I am trying to implement YOLOv1 and its loss function using tensorflow. The YOLOv1 architecture and its loss function implementation were referenced from this video by aladdin persson: https://www.youtube.com/watch?v=n9_XyCGr-MI.

I think I manage to create the code implementation in tensorflow and trying to train the yolov1 model using model.fit().
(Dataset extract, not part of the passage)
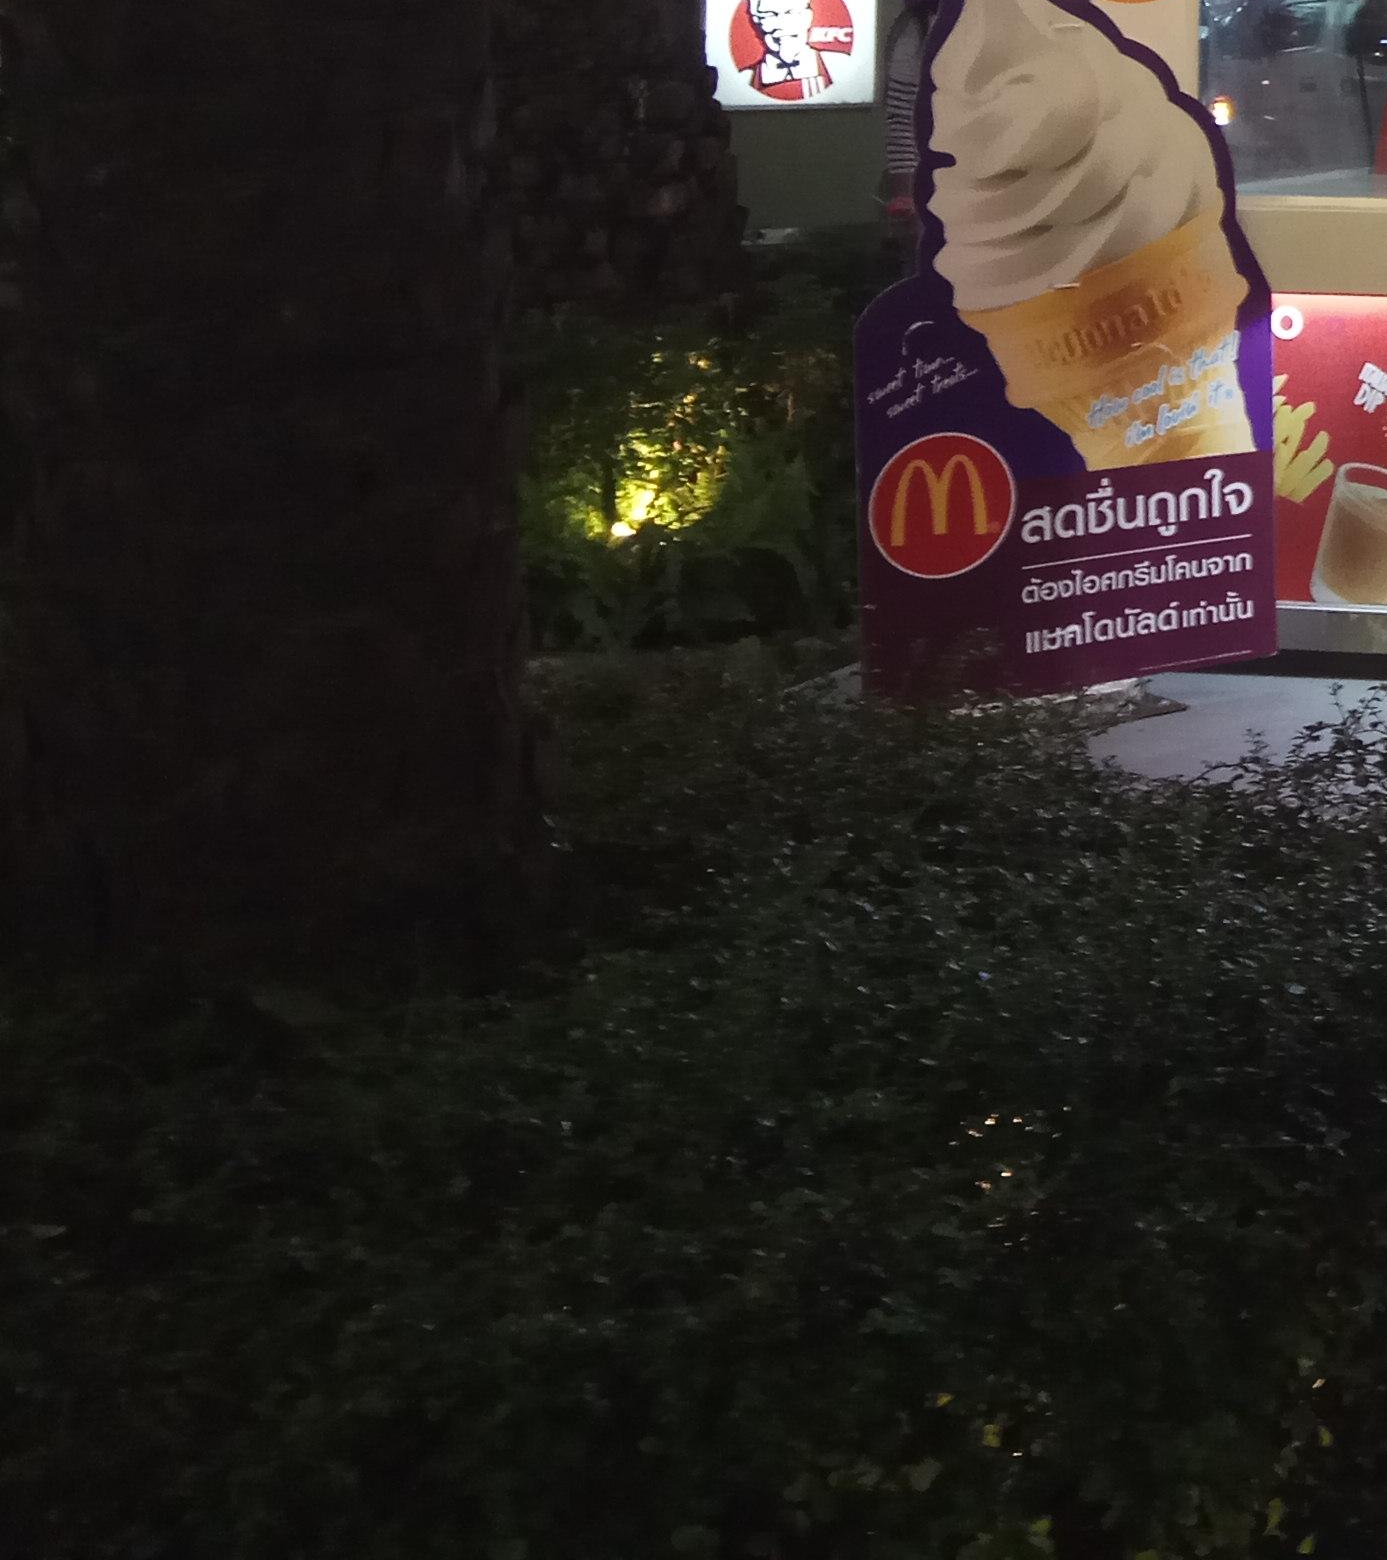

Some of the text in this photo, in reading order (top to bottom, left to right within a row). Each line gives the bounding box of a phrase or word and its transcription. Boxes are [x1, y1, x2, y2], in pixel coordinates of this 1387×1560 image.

[1021, 468, 1253, 543] สดชื่นถูกใจ
[1021, 551, 1253, 604] ต้องไอศกรีมโคนจาก
It ran fine, and I don't face any error or exception but the loss and val loss always outputs nan and I don't know where it went wrong.

this is the code implementation of YOLOv1 architecture

from tensorflow.keras.models import Sequential
from tensorflow.keras.layers import Dense, InputLayer, Dropout, Flatten, Reshape
from tensorflow.keras.layers import Conv2D, MaxPooling2D, GlobalMaxPooling2D, Activation, LeakyReLU
from tensorflow.keras.regularizers import l2

lrelu = tf.keras.layers.LeakyReLU(alpha=0.1)

nb_boxes=1
grid_w=7
grid_h=7
cell_w=64
cell_h=64
img_w=grid_w*cell_w
img_h=grid_h*cell_h

model = Sequential()
model.add(Conv2D(filters=64, kernel_size= (7, 7), strides=(1, 1), input_shape =(img_h, img_w, 3), padding = 'same', activation=lrelu, kernel_regularizer=l2(5e-4)))
model.add(MaxPooling2D(pool_size=(2, 2), strides=(2, 2), padding = 'same'))

model.add(Conv2D(filters=192, kernel_size= (3, 3), padding = 'same', activation=lrelu, kernel_regularizer=l2(5e-4)))
model.add(MaxPooling2D(pool_size=(2, 2), strides=(2, 2), padding = 'same'))

model.add(Conv2D(filters=128, kernel_size= (1, 1), padding = 'same', activation=lrelu, kernel_regularizer=l2(5e-4)))
model.add(Conv2D(filters=256, kernel_size= (3, 3), padding = 'same', activation=lrelu, kernel_regularizer=l2(5e-4)))
model.add(Conv2D(filters=256, kernel_size= (1, 1), padding = 'same', activation=lrelu, kernel_regularizer=l2(5e-4)))
model.add(Conv2D(filters=512, kernel_size= (3, 3), padding = 'same', activation=lrelu, kernel_regularizer=l2(5e-4)))
model.add(MaxPooling2D(pool_size=(2, 2), strides=(2, 2), padding = 'same'))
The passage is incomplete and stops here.